The stillness grew worrisome for the Chaos marine. He risked a glance up.

“Lord Magnus, I beseech you to listen to my words. I was given a vision by Tzeentch which will come to pass. There is no doubt that it--“

Pathoth was cut off by Magnus’ voice, echoing in the vast chamber, resonating in his mind. “You dare to believe that you have seen a future I have not? To accuse Ahriman of treachery against myself? One of my most trusted advisors? The bad blood between you two is rife, this I know, but for you of all people to submit to backstabbing one of our own.” 

“I would not presume such a thing. Your powers of precognition exceed my own.”

Magnus’ words were relentless. “Your accusation contains no truth. I do not see Ahriman destroying a Legion he has striven to protect.”

Pathoth gritted his teeth against the injustice he faced. Even now, Magnus was playing favourites amongst his own. How ironic. The false Emperor had done the same before Horus’s treachery. Now a history of a similar nature would repeat itself. Quelling his inner anger, Pathoth tried once more. “I seek to bring to your attention what Ahriman intends. He was adamant in this course of action. His preparations are underway and if they aren’t curtailed--“

“Silence!”

Pathoth fell under the psychic blow, dropping to his knees. Pressure like a vise wrapped around his head, building to the point where he believed his skull would crack. Then it abated. Warmth trickled down his face; he daubed at his nose, fingers coming away coated in blood. Chastised and humbled under the power of his Primarch, Pathoth quietly rose to his feet. Giving a final bow to the Daemon Prince, his head throbbing after the mental assault, the vizier left. There were no words left to say, nothing to give to the Legion, and Pathoth knew he needed to prepare himself for the spell about to be cast.

Perhaps Magnus’ vision, too, had been shrouded by Tzeentch. 

________​
The cabal had gathered. Located on the southern continent of the world, where the dry earth blew along from large gusts of wind, the Thousand Sons convened in Ahriman’s stronghold. The air felt charged. Magic was waiting to be used, untapped and latent with potential. Lightning crackled through the air, burning images across the sky while thunder rumbled in the distance. 

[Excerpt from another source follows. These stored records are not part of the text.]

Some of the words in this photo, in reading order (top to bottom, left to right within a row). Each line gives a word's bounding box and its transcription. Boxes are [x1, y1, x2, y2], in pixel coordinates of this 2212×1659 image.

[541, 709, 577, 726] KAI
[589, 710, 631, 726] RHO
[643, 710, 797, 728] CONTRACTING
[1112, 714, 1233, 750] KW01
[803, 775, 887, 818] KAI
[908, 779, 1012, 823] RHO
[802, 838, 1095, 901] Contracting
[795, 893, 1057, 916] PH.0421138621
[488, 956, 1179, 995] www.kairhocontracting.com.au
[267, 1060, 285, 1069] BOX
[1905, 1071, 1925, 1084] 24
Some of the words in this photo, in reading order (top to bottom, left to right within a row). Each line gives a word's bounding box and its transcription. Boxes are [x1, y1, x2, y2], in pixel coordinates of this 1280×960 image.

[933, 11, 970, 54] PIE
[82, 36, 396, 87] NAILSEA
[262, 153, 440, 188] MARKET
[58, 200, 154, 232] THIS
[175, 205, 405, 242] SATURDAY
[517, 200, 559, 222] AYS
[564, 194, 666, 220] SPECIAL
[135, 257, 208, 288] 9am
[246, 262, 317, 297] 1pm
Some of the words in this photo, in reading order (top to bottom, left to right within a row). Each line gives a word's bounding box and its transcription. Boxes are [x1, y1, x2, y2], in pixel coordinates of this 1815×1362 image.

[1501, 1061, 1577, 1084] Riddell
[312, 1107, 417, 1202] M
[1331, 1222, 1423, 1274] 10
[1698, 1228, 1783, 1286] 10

Inside the elaborate tower, Ahriman counted. One hundred and nine sorcerers of the Thousand Sons made their final preparations to cast the Rubric. He would be the one hundred and tenth, the focal for the spell. 

Arranged into groups of ten and standing in the panelled galleries above, the marines looked down while Ahriman inscribed the outer circle of the pentagram. Everything had been done with minute preparations, meticulously chosen with no margin for error. Smoke from incense burners laced the air with pungent fumes. Candles arranged haphazardly on first glance quickly showed a pattern mirrored on each floor. To the eye untrained in the magical arts, it looked as though a summoning would soon take place. Maybe it was; some felt unseen eyes were watching their actions. 

Wiping his hands of the last traces of silver dust, Ahriman beckoned the five sorcerers he had chosen to take their places on the points of the star. They, like himself, had been masters of their crafts before the fall of Prospero. And they, just as Ahriman, were without peer. The last four sorcerers, standing outside the boundary of the pentagram, were assigned to guard the cardinal points. 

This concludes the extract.